= Twin-scaling =

Method of plant propagation

Twin-scaling is a vegetative propagation technique first developed in Hippeastrum,
in which bulbs with a basal plate are divided into scale sections that include tissue capable of forming adventitious bulblets;
the method has since been applied to other bulbous monocots with similar regenerative capacity.

==Purpose==
Twin-scaling is practiced by professional growers and skilled amateurs to increase bulbs that would naturally propagate very slowly, or to speed up the production of desirable cultivars. Using twin-scaling, it is possible to multiply one bulb into 16 to 32 (or more) viable bulbs in a couple of years, whereas natural propagation might only lead to a doubling every two years or so. It is one of a number of propagation techniques (such as "scooping", "scoring" and "chipping") based on the fact that an accidentally damaged bulb will often regenerate by forming small bulblets or bulbils on the damaged surface. Commercial growers have obtained as many as 100 twin-scales from a single bulb.

==Method==
The dormant bulb which is to be twin-scaled has its surface sterilized by removing its dry tunic and carefully trimming off its roots and any dead tissue, while leaving a layer of sound basal plate intact, then dipping the clean bulb in dilute bleach (or another suitable disinfectant). The bulb is then sliced cleanly from top to bottom several times, creating 8 or 16 segments, depending on the size of the bulb. At this stage, the segments are called "chips" (many growers are content with simply chipping a bulb into 4 or 8 and do not divide the bulb further).

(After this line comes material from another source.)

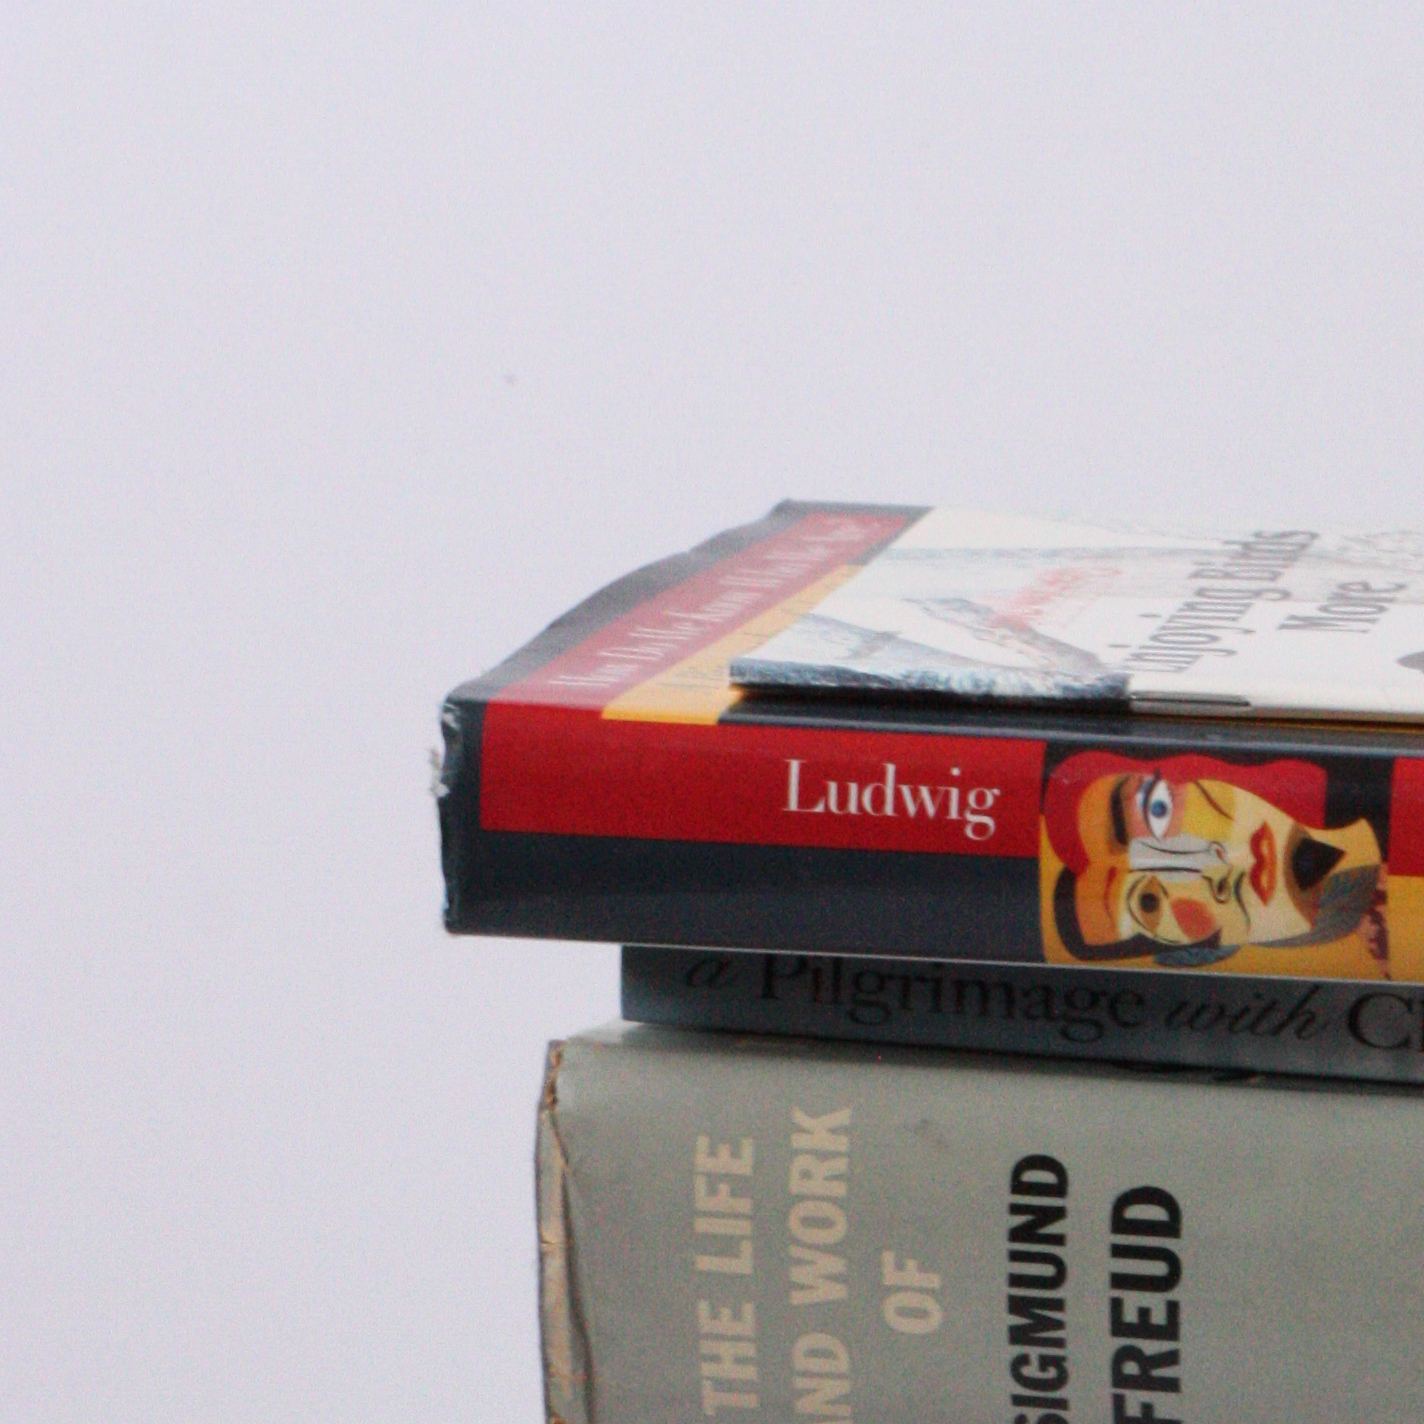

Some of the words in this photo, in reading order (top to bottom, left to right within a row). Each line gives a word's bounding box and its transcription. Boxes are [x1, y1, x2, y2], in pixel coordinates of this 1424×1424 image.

True twin-scaling involves further subdivision of the chips to create pairs of scales, joined by a small part of the basal plate. The twin-scales are then treated with fungicide before being mixed with moist, sterile Vermiculite, sealed in plastic bags and left in a fairly warm, dark location until new bulblets form. Some species may require alternate periods of warm and cool storage to initiate bulblet growth.

The tiny bulbs are planted into pots or trays of compost and allowed to grow on for a year or more, until they are large enough to survive in individual pots or the open ground. They usually take several years to reach flowering size, although some bulblets of Galanthus have been known to flower in their first year.